> **TASK**
Restate the lines word for word, from the one containing "Some of the text" through the last line of the entries below, without any other lines.

[Image-backed grounding data]
::::::
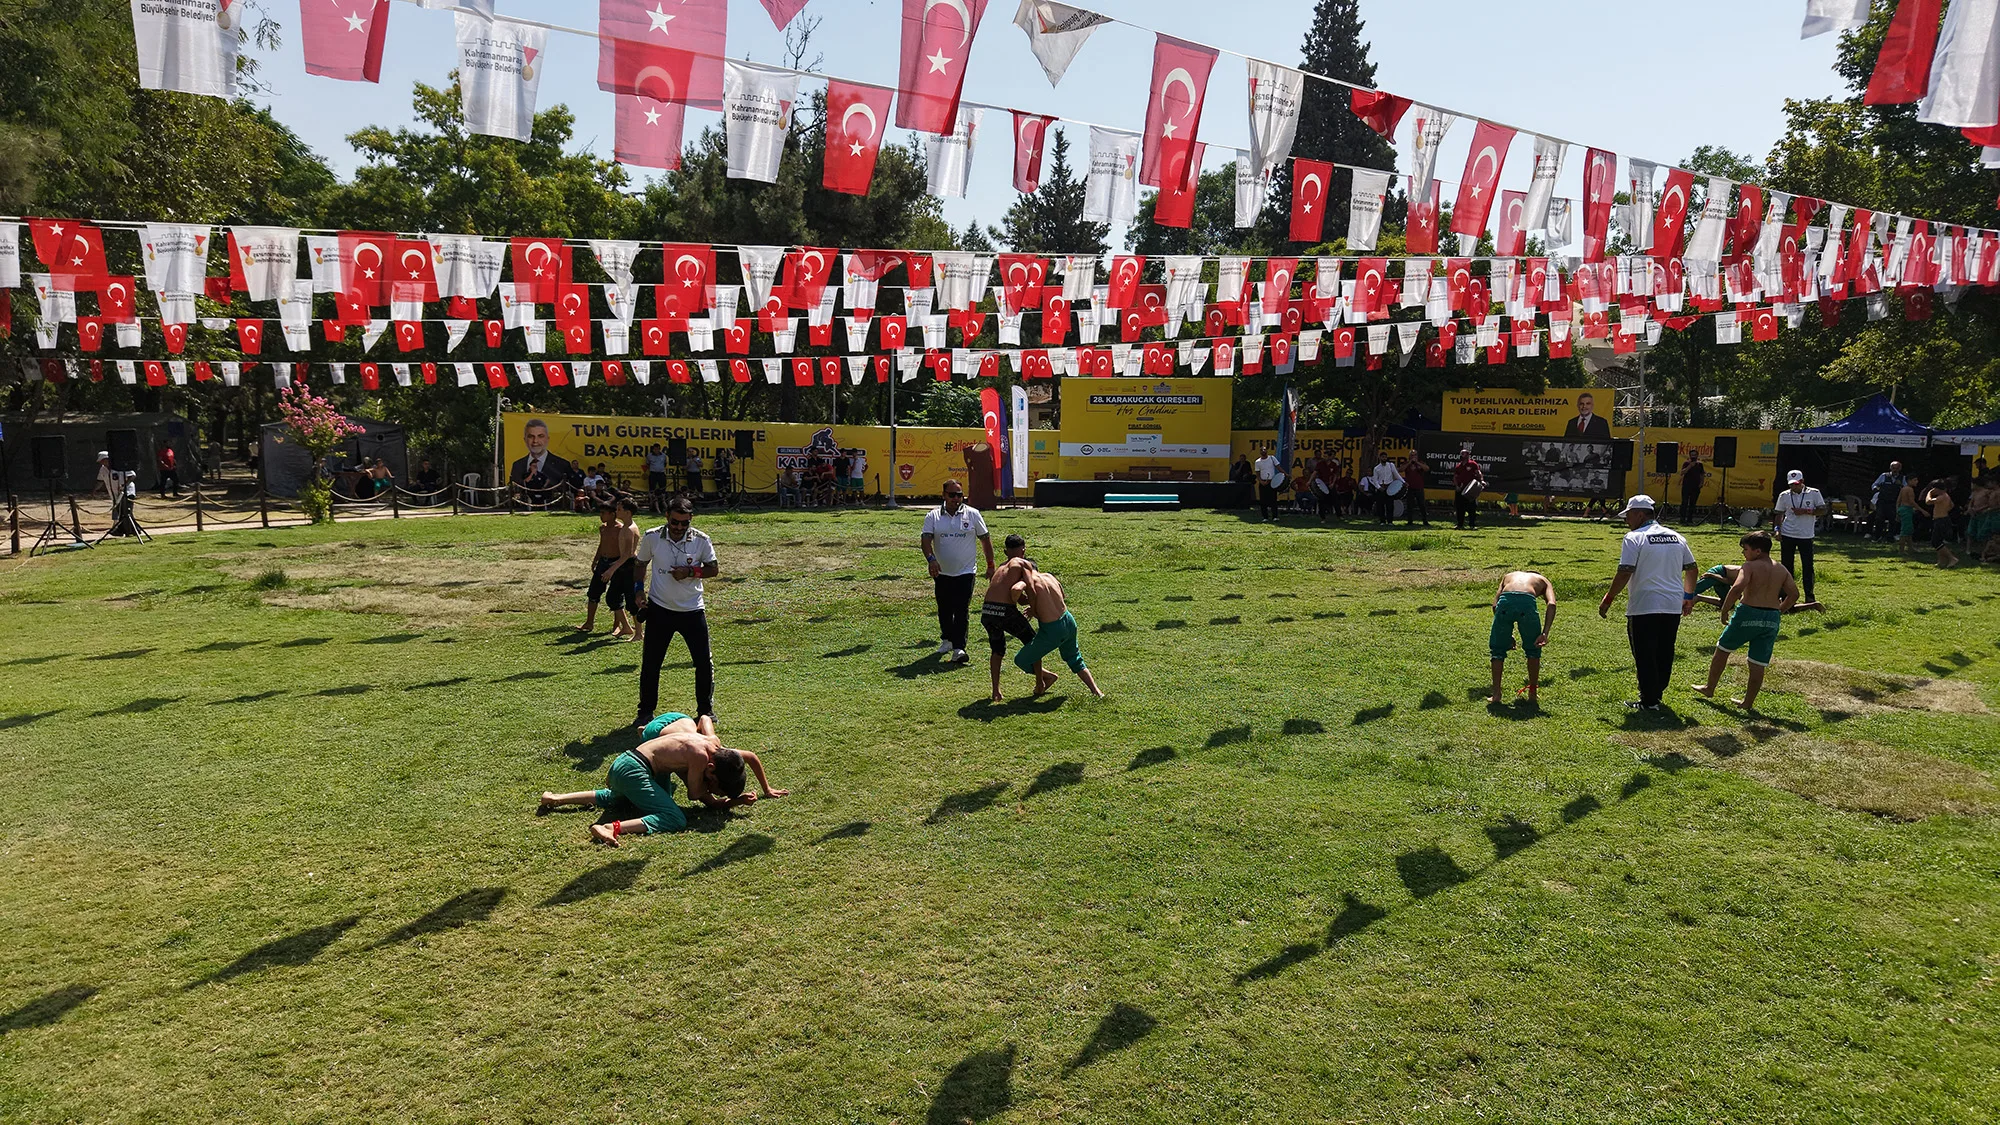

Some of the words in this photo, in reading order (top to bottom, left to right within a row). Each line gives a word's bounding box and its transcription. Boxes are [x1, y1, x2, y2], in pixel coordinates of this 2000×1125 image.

[140, 4, 179, 17] Büyükşehir
[181, 8, 216, 22] Belediyesi
[464, 49, 522, 65] Kahramanmaraş
[731, 104, 780, 118] Kahramanmaraş
[1138, 405, 1178, 416] Geldiniz
[1460, 407, 1516, 416] BAŞARILAR
[1809, 435, 1849, 443] Kahramanmaraş
[1108, 472, 1114, 480] 3
[1147, 471, 1151, 480] 1
[1187, 471, 1193, 480] 2
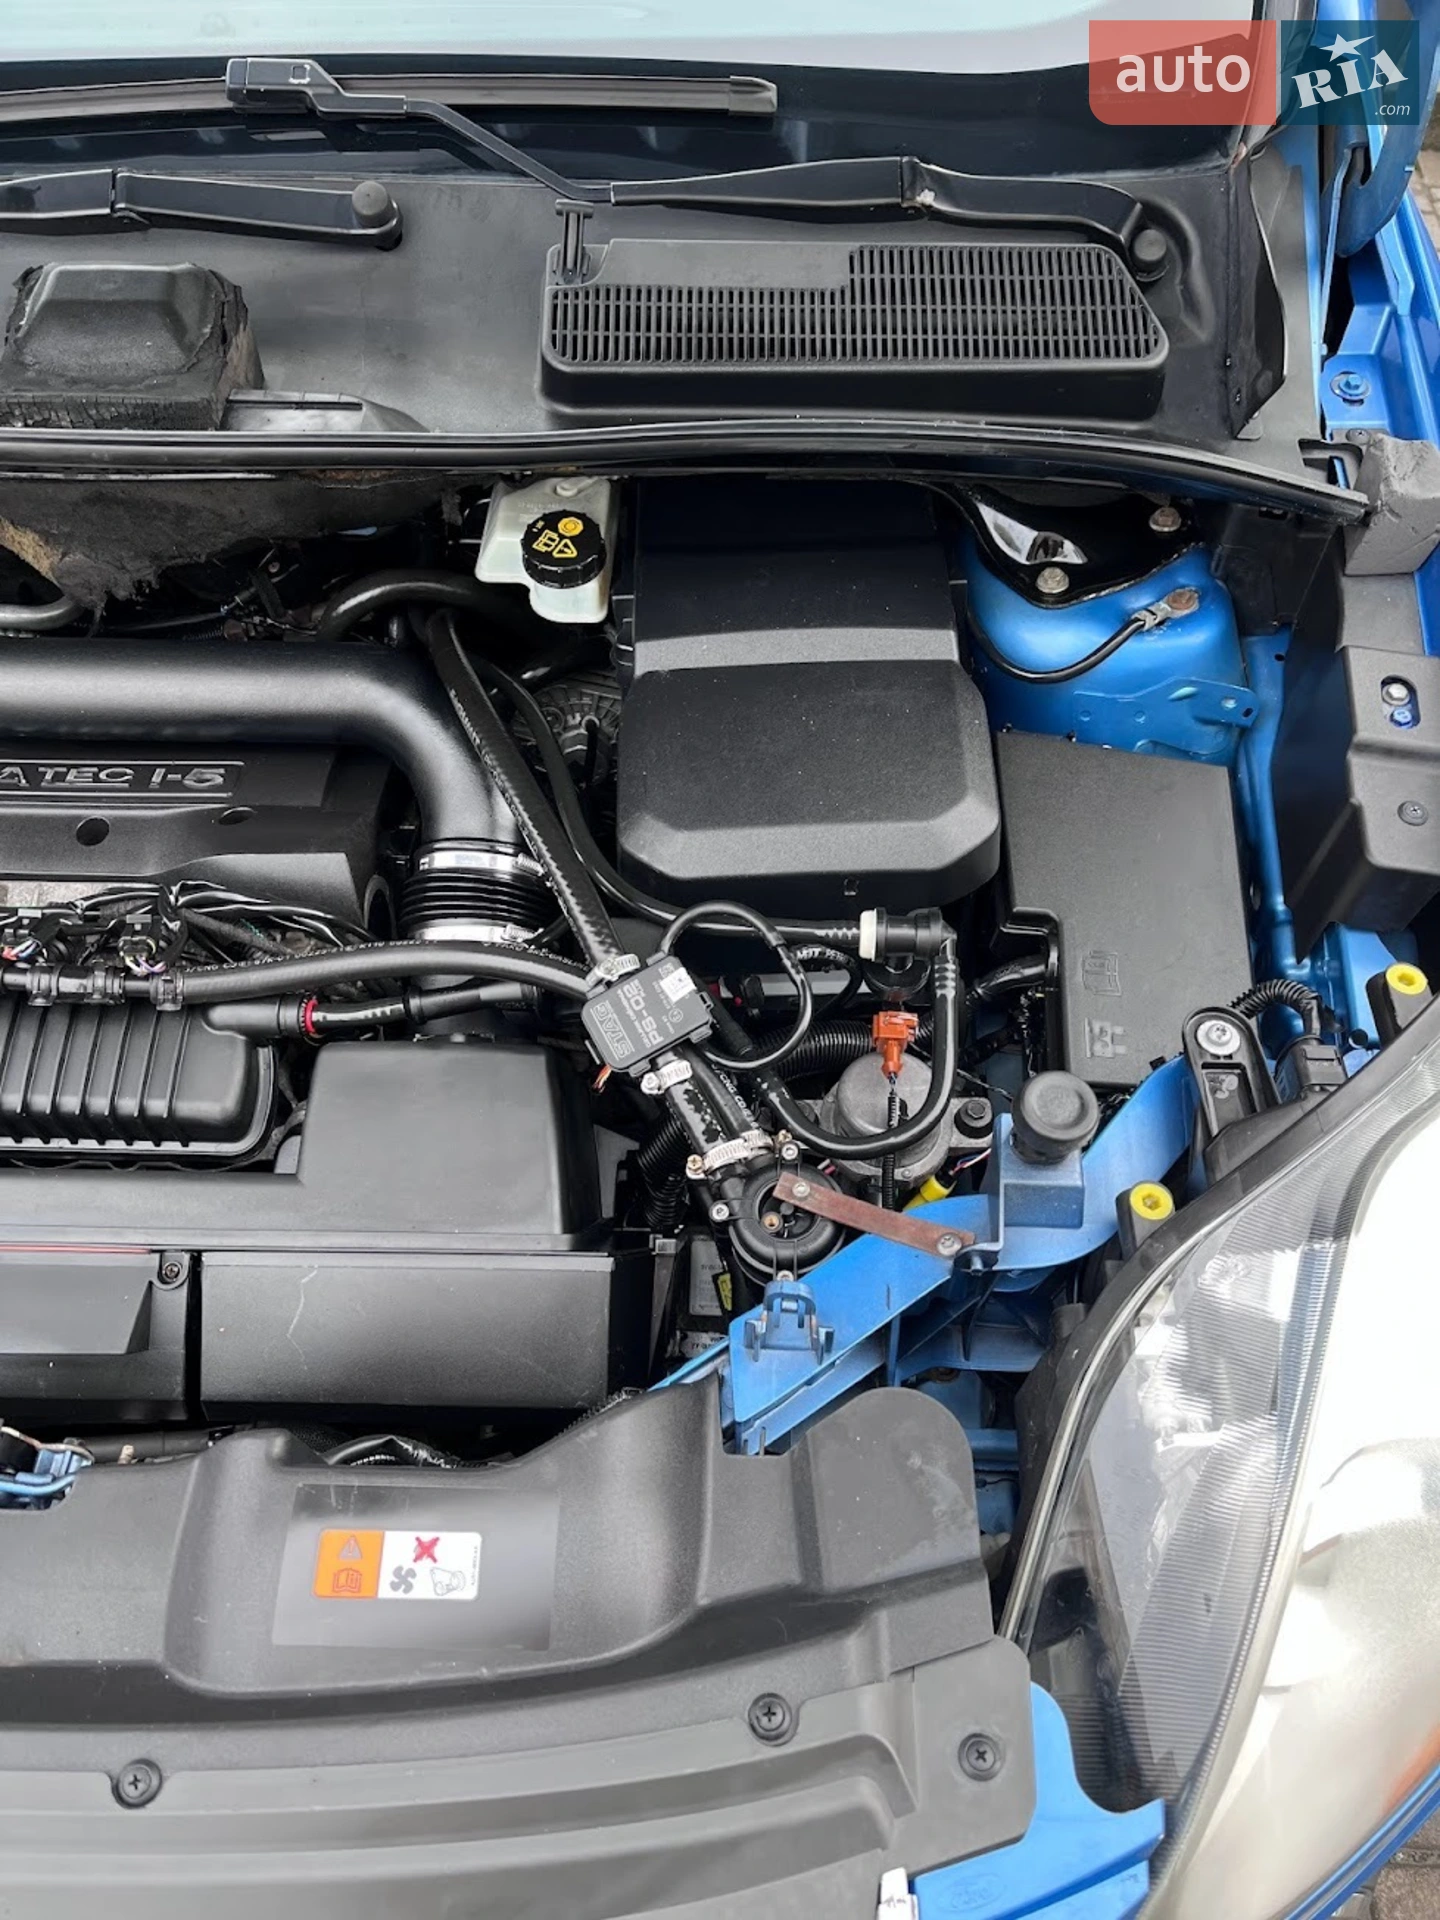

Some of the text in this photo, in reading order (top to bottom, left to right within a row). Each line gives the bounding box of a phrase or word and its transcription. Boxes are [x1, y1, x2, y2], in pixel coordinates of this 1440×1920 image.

[149, 768, 226, 789] I-5
[591, 1001, 632, 1059] STAG
[621, 981, 664, 1044] PS-02
::::::
> **ANSWER SECTION**
Some of the text in this photo, in reading order (top to bottom, left to right within a row). Each line gives the bounding box of a phrase or word and its transcription. Boxes are [x1, y1, x2, y2], in pixel coordinates of this 1440×1920 image.

[149, 768, 226, 789] I-5
[591, 1001, 632, 1059] STAG
[621, 981, 664, 1044] PS-02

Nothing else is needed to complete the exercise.